Some seconds after starting the agent the enqueued task is been processed. The repository is been fetched, all dependencies are tried to be satisfied by installing the used python packages into an virtual environment and the script is been executed.

As Plotly tries to open a browser which fails for the user I’m using to run the agent, the experiment failed.

failing dequeued experiment due to unsatisfied Plotly dependency

After resetting the failed experiment, adapting the experiment to prevent showing the plot if the task is not running locally, run and clone it, the task finally gets processed :)

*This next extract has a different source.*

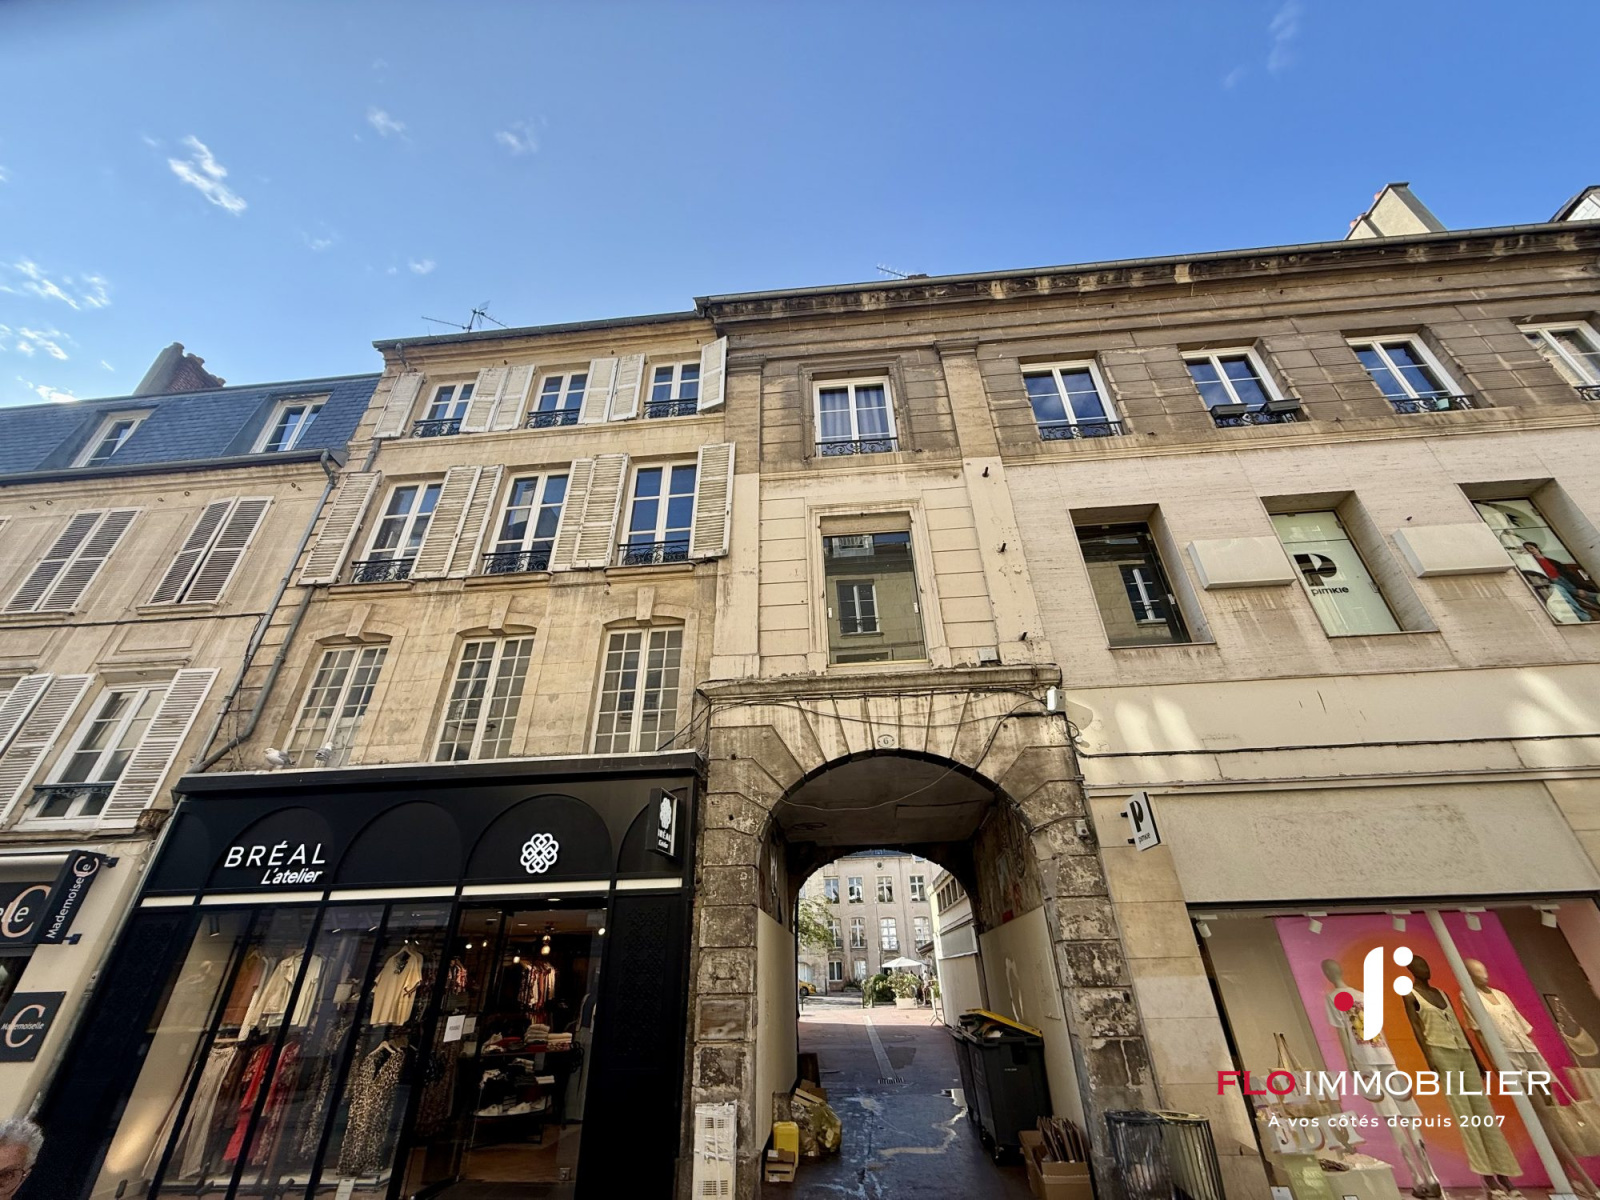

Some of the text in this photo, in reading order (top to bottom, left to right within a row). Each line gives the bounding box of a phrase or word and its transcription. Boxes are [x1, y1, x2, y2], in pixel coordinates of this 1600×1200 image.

[1311, 587, 1349, 597] pimkie
[224, 840, 326, 868] BRÉAL
[261, 867, 323, 885] L'atelier

cloned experiment re-executed by an agent

Summary

In this story I hopefully was able to provide you a short introduction to ClearML.

I just touched the top of the iceberg and there is a lot more to discover like comparing experiments, and more.

Thank you for reading.

My name is Wasilios Goutas, I’m Dipl. Ing. techn. Informatik (FH) which I studied in my home town Hamburg, Germany. I’m experienced software project manager in the automotive and semiconductor industries. In my private life I’m making use of AI libraries like Keras & Tensorflow to learn more about the technology which will play a significant role in tomorrows world.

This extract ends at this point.